使用 ggpubr 包制图

简介: 使用 ggpubr 包制图

简介

Hadley Wickham撰写的ggplot2[1]是好用的软件包,是可视化工具的必备包。但是,需要知道ggplot2一定的理论与原理,对新手来说,入门门槛还是比较高的。

ggpubr软件包提供了一些易于使用的功能,基于ggplot2编写,语法十分简单的的图标。对于一些刚了解R语言,而想用R做可发表的图表的人来说,这真的太好用了!

下面对该文章ggpubr: Publication Ready Plots[2]进行讲解。

安装

  • 从CRAN安装:
install.packages("ggpubr")
  • 从GitHub安装最新版本:
if(!require(devtools))install.packages("devtools")
devtools :: install_github("kassambara / ggpubr")

可视化函数汇总

图形 命令
密度图 ggdensity()
箱型图 ggboxplot()
柱状图 gghistogram()
小提琴图 ggdotchart()
条形图 ggdotchart()
棒棒图,克利夫兰图 ggdotchart()

密度图

library(ggpubr)
# 构建数据集
set.seed(1234)
wdata = data.frame(
   sex = factor(rep(c("F", "M"), each=200)),
   weight = c(rnorm(200, 55), rnorm(200, 58)))
head(wdata, 4)

c1683668e55e3d7590d9645d6b4614d9.png


  • 密度图(ggdensity)与平均线(add = "mean");按性别("sex")进行颜色填充;加入边际地毯(rug = TRUE)并使用自定义面板(palette = c("#00AFBB", "#E7B800"))
ggdensity(wdata, x = "weight",
   add = "mean", rug = TRUE,
   color = "sex", fill = "sex",
   palette = c("#00AFBB", "#E7B800"))

974d46cbf2a0a129687cba9b8a2fa4ac.png

下面是绘制柱状图(gghistogram),其他参数和上面类似。

gghistogram(wdata, x = "weight",
   add = "mean", rug = TRUE,
   color = "sex", fill = "sex",
   palette = c("#00AFBB", "#E7B800"))

8305aa43a8374e786ff43205c6058683.png

箱型图

# Load data
data("ToothGrowth")
df <- ToothGrowth
head(df, 4)


按剂量("dose")进行颜色填充;添加抖动点并按剂量("dose")更改形状。

p <- ggboxplot(df, x = "dose", y = "len",
                color = "dose", palette =c("#00AFBB", "#E7B800", "#FC4E07"),
                add = "jitter", shape = "dose")
 p

4c33afb716a32480058263dcdbd349d7.png

还可以比较不同组均值之间的关系(stat_compare_means(label.y = 50)),并添加p值(stat_compare_means(label.y = 50) )

my_comparisons <- list( c("0.5", "1"), c("1", "2"), c("0.5", "2") )
p + stat_compare_means(comparisons = my_comparisons)+ # Add pairwise comparisons p-value
  stat_compare_means(label.y = 50)                   # Add global p-value

b6751ac9c80607ee2ac2279731e9ea9a.png


小提琴图

下图是小提琴图(ggviolin)与箱型图的结合(add = "boxplot"),按剂量("dose")进行颜色填充;增加白色填充(add.params = list(fill = "white"))的箱型图,并加入各组比较的p值。
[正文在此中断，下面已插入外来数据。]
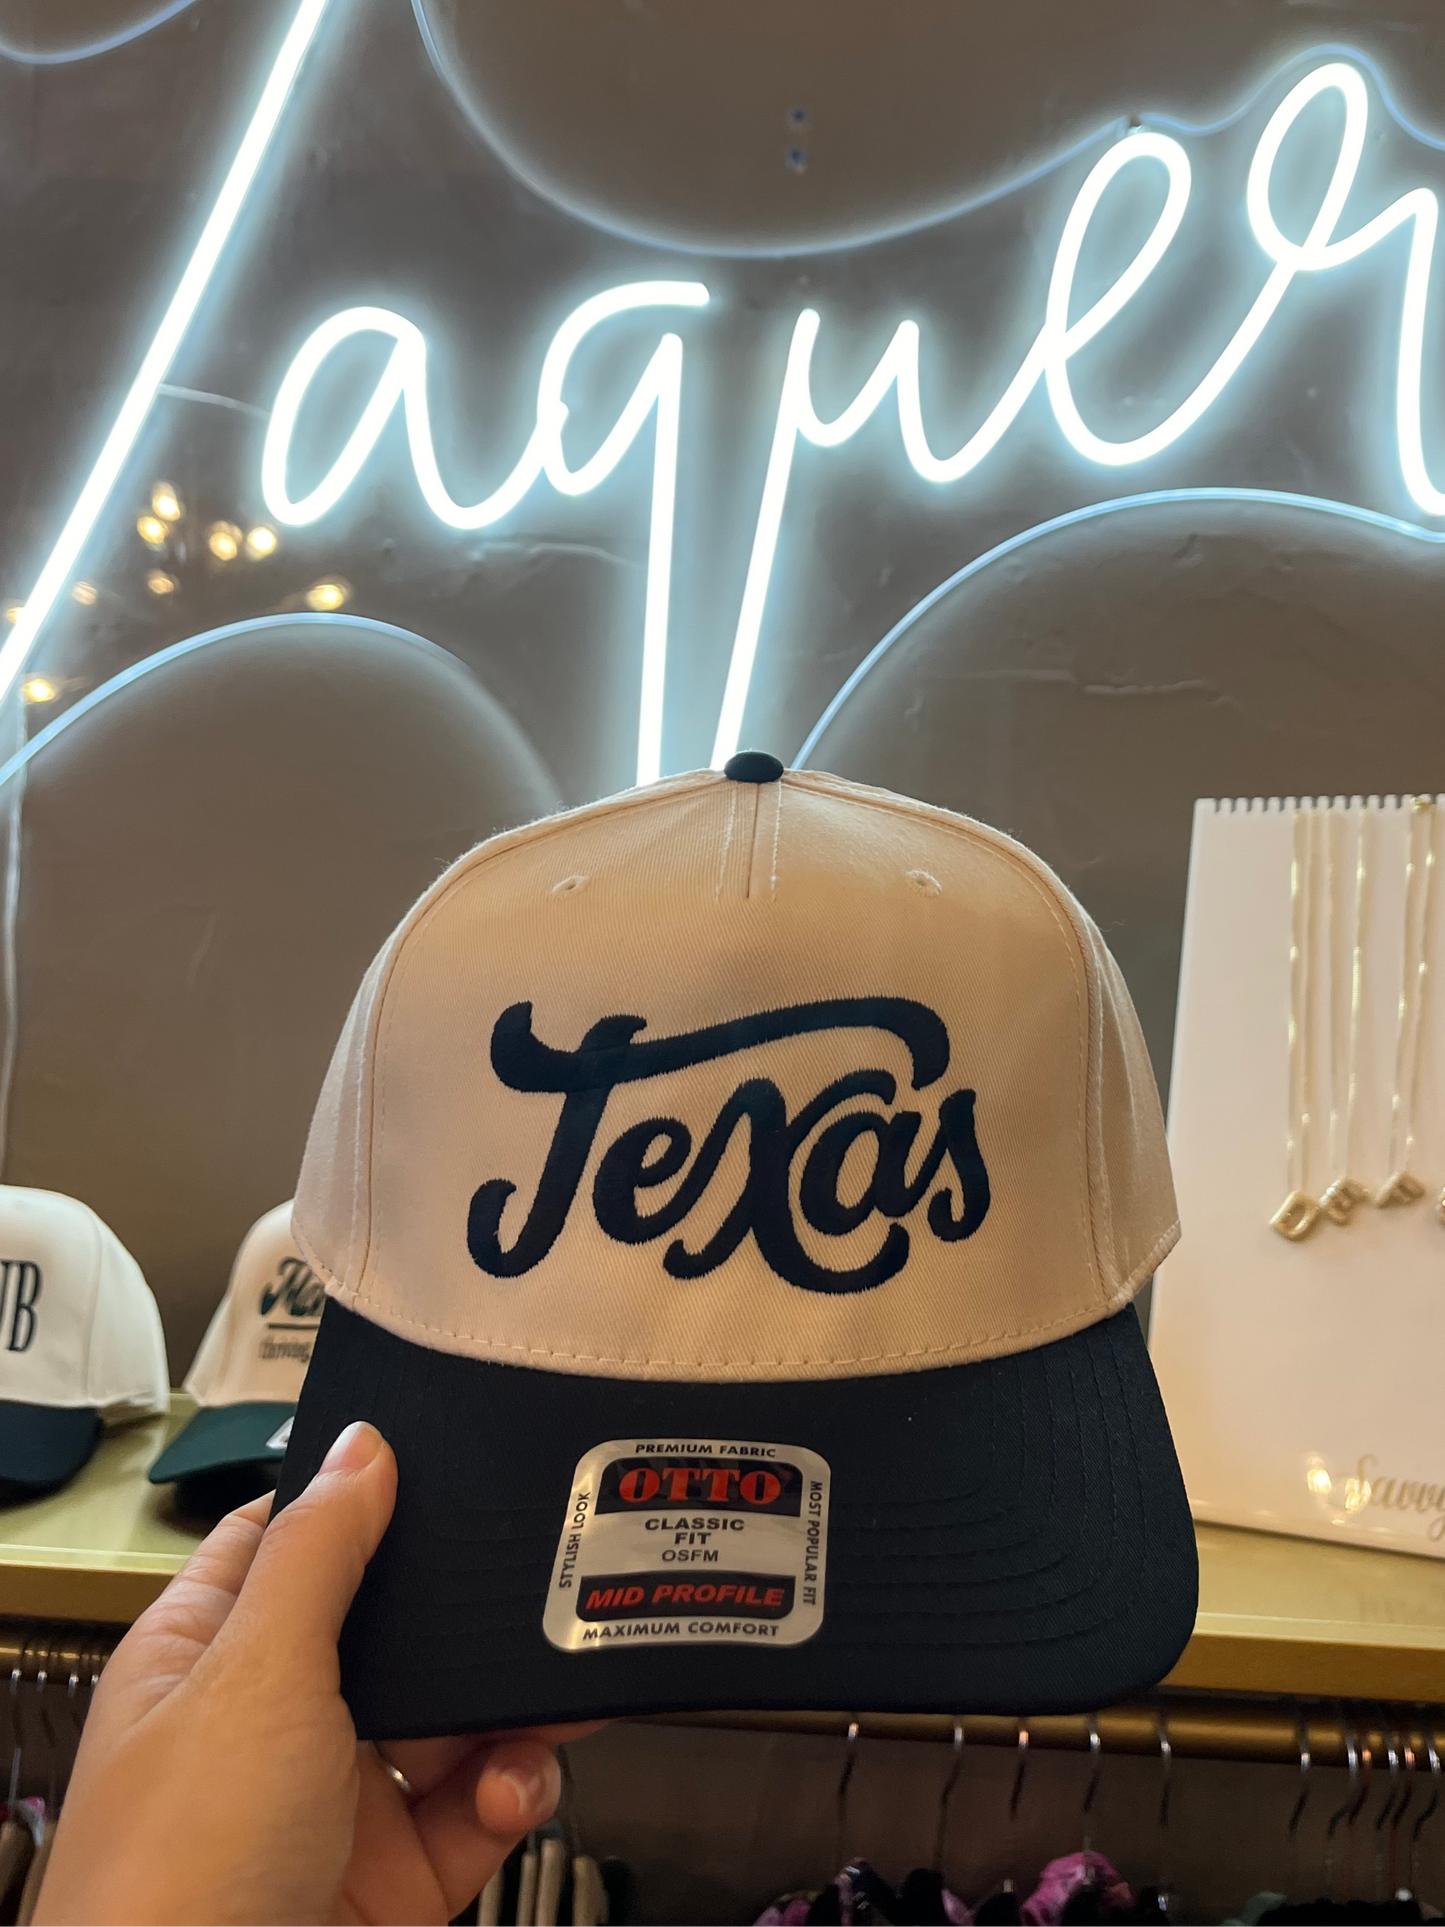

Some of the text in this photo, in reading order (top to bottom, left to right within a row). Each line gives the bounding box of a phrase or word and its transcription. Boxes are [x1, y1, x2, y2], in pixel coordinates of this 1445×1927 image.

[0, 0, 1445, 786] aquer
[467, 996, 991, 1294] Texas
[635, 1443, 777, 1458] PREMIUM FABRIC
[619, 1467, 781, 1505] OTTO
[645, 1517, 745, 1531] CLASSIC
[559, 1491, 591, 1588] STYLISH LOOK
[674, 1532, 712, 1545] FIT
[802, 1480, 823, 1606] MOST POPULAR FIT
[661, 1549, 719, 1562] OSFM
[585, 1583, 785, 1610] MID PROFILE
[583, 1621, 780, 1641] MAXIMUM COMFORT
ggviolin(df, x = "dose", y = "len", fill = "dose",
         palette = c("#00AFBB", "#E7B800", "#FC4E07"),
         add = "boxplot", add.params = list(fill = "white"))+
  stat_compare_means(comparisons = my_comparisons, label = "p.signif")+ # Add significance levels
  stat_compare_means(label.y = 50)                                      # Add global the p-value

15a1a7d68fe8b23cca524d0fd4757644.png

条形图

数据集

这里用mtcars数据集中进行绘制。

data("mtcars")
dfm <- mtcars
dfm$cyl <- as.factor(dfm$cyl)
dfm$name <- rownames(dfm)
head(dfm[, c("name", "wt", "mpg", "cyl")])



有序的条形图

条形图(ggbarplot)中可以利用sort.val = "desc"把数据从大到小排序并且不在组内进行排序(sort.by.groups = FALSE),而是所有数据排序;旋转x轴标签(x.text.angle = 90)。值得一提的是,这里使用了jco杂志的颜色版式(palette = "jco")。
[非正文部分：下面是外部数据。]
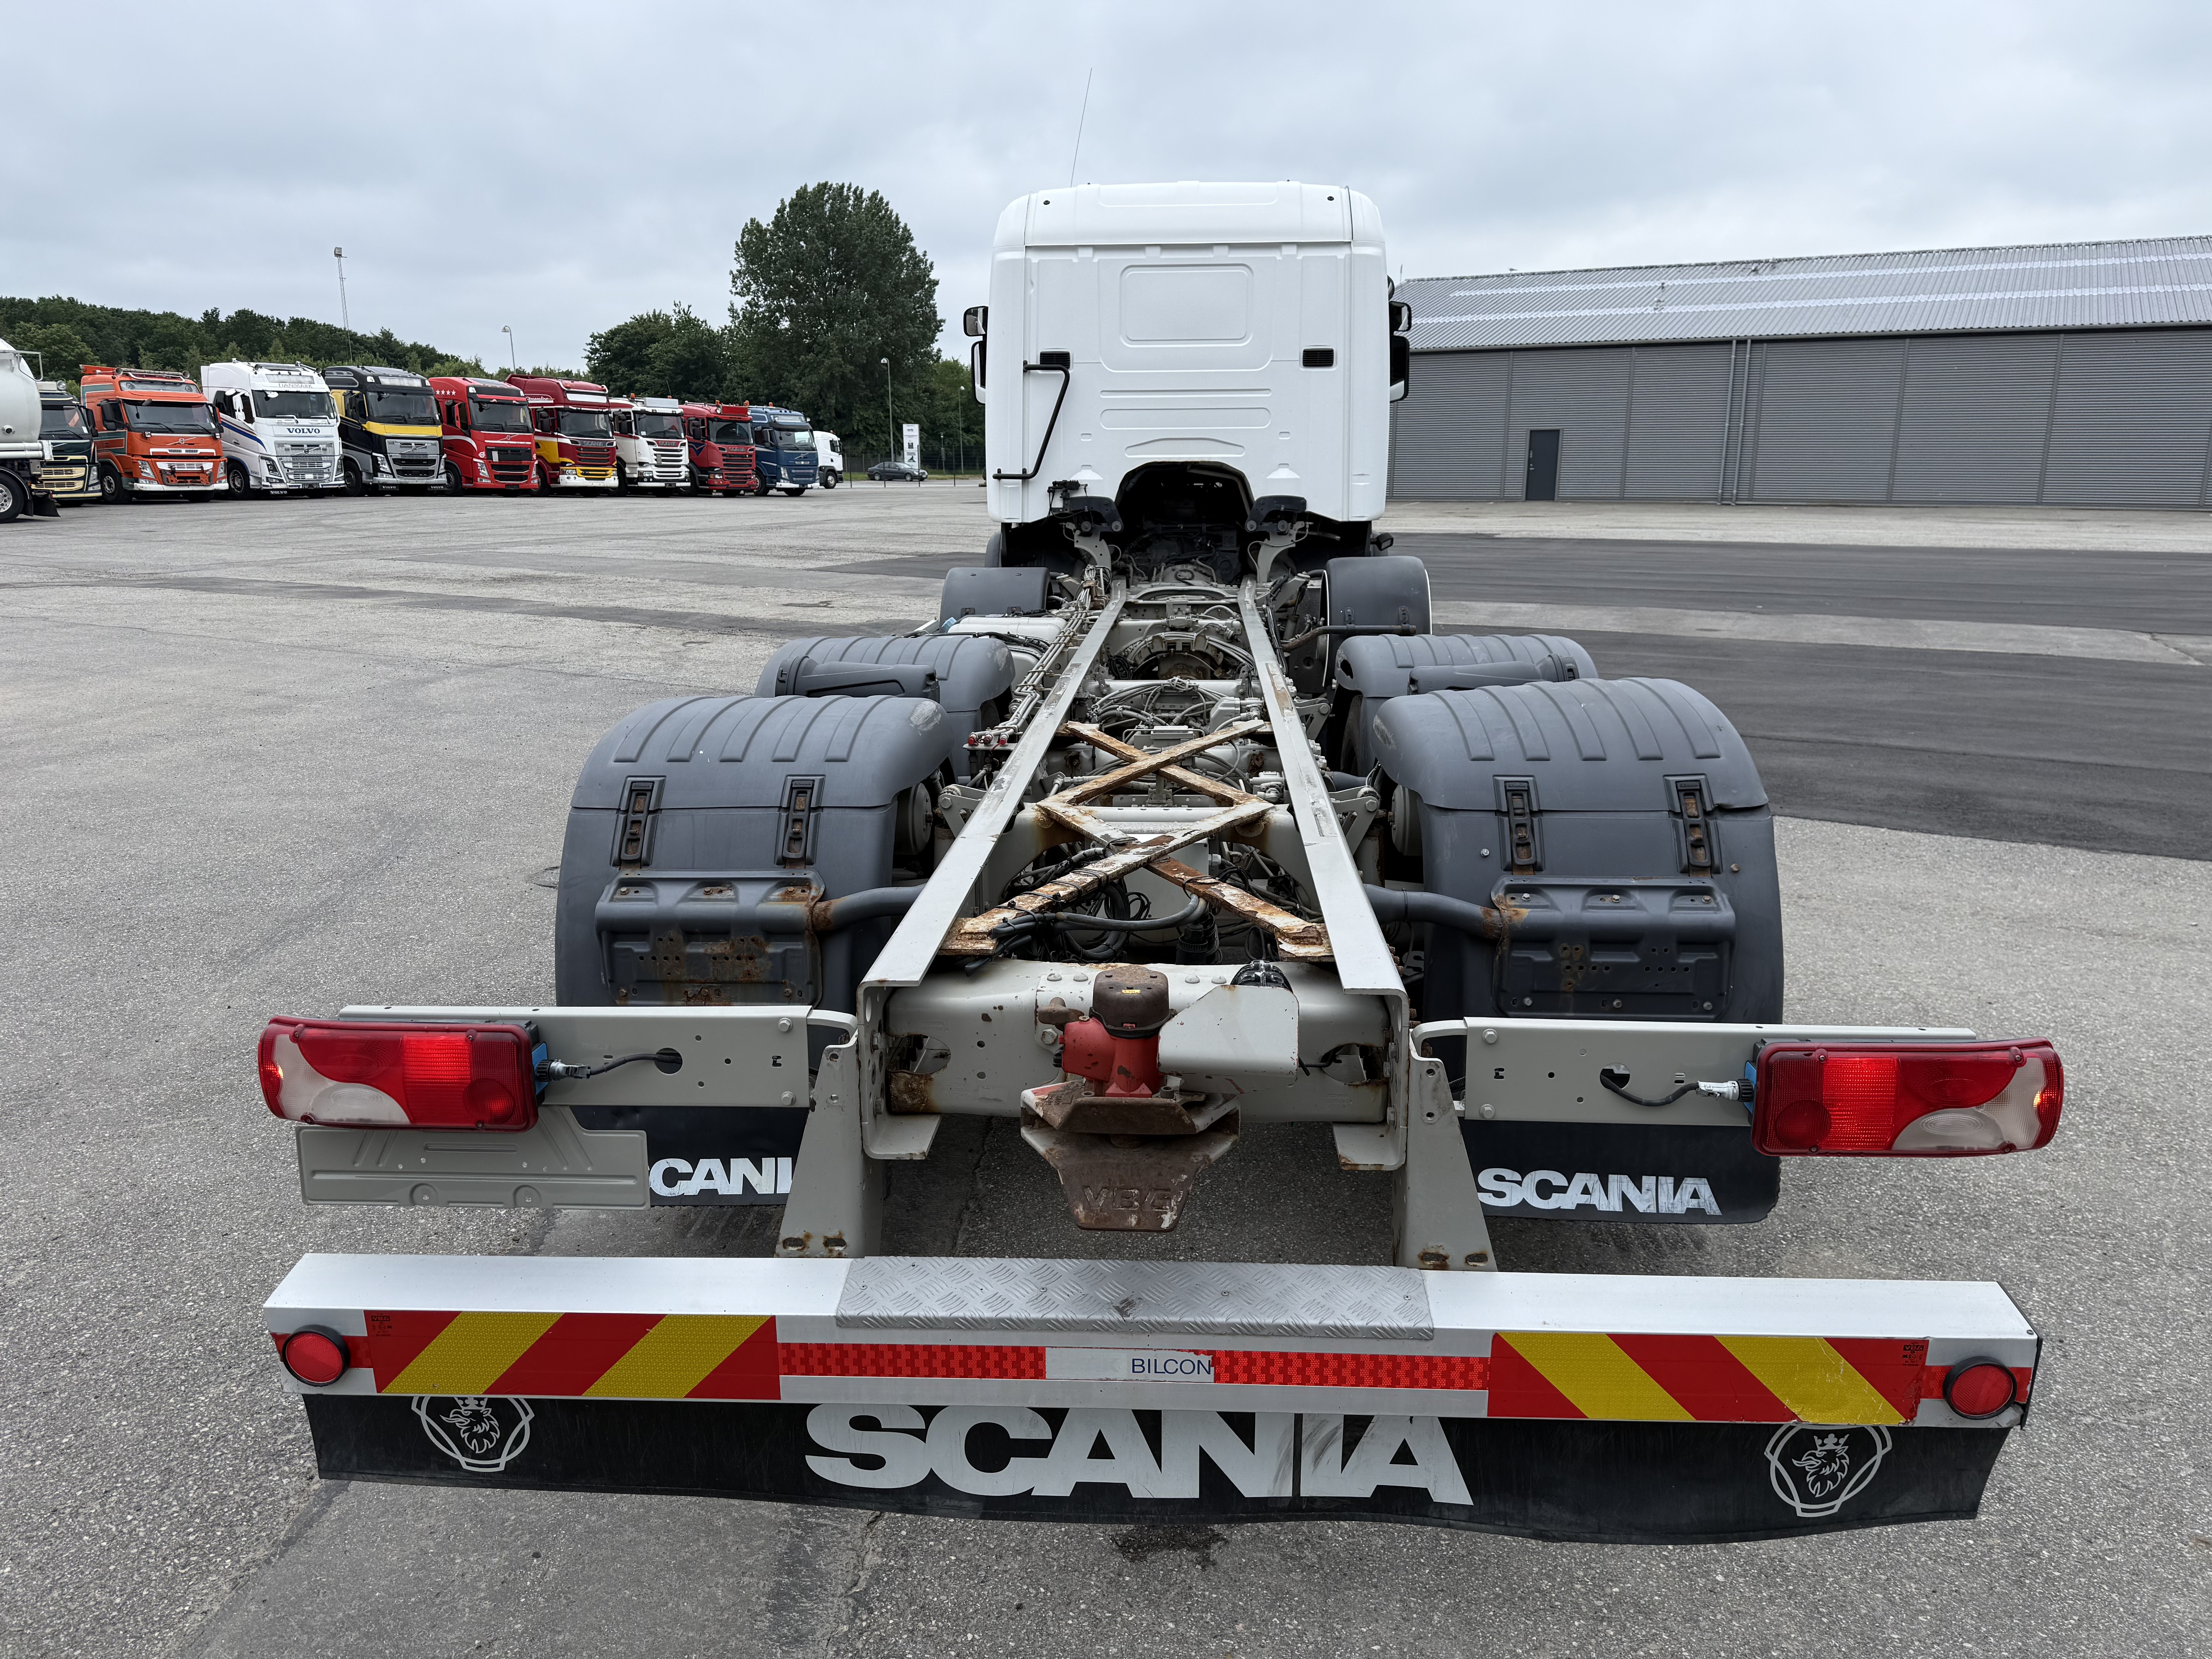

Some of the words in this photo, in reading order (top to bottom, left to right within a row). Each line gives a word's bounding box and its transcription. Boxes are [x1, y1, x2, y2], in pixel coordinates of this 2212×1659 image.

[648, 1157, 792, 1197] CANI
[1478, 1168, 1722, 1215] SCANIA
[1082, 1185, 1172, 1212] VBG
[1132, 1358, 1211, 1375] BILCON
[805, 1403, 1474, 1506] SCANIA
ggbarplot(dfm, x = "name", y = "mpg",
          fill = "cyl",               # change fill color by cyl
          color = "white",            # Set bar border colors to white
          palette = "jco",            # jco journal color palett. see ?ggpar
          sort.val = "desc",          # Sort the value in dscending order
          sort.by.groups = FALSE,     # Don't sort inside each group
          x.text.angle = 90           # Rotate vertically x axis texts
          )

4e8eef992852a123e218e92aa4890e03.png

如果按照组内排序的话(sort.by.groups = TRUE) ,就是下面这样。
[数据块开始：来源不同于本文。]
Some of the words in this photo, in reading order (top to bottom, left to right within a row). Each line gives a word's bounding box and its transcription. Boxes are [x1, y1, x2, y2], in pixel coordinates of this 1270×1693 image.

ggbarplot(dfm, x = "name", y = "mpg",
          fill = "cyl",               # change fill color by cyl
          color = "white",            # Set bar border colors to white
          palette = "jco",            # jco journal color palett. see ?ggpar
          sort.val = "asc",           # Sort the value in dscending order
          sort.by.groups = TRUE,      # Sort inside each group
          x.text.angle = 90           # Rotate vertically x axis texts
          )

f12ce3dd1f022dbba17460b9e2cbd830.png

偏差图

偏差图显示了定量值与参考值的偏差。在下面的R代码中,我们将绘制来自mtcars数据集的mpgz-score变化(标准化的一种)。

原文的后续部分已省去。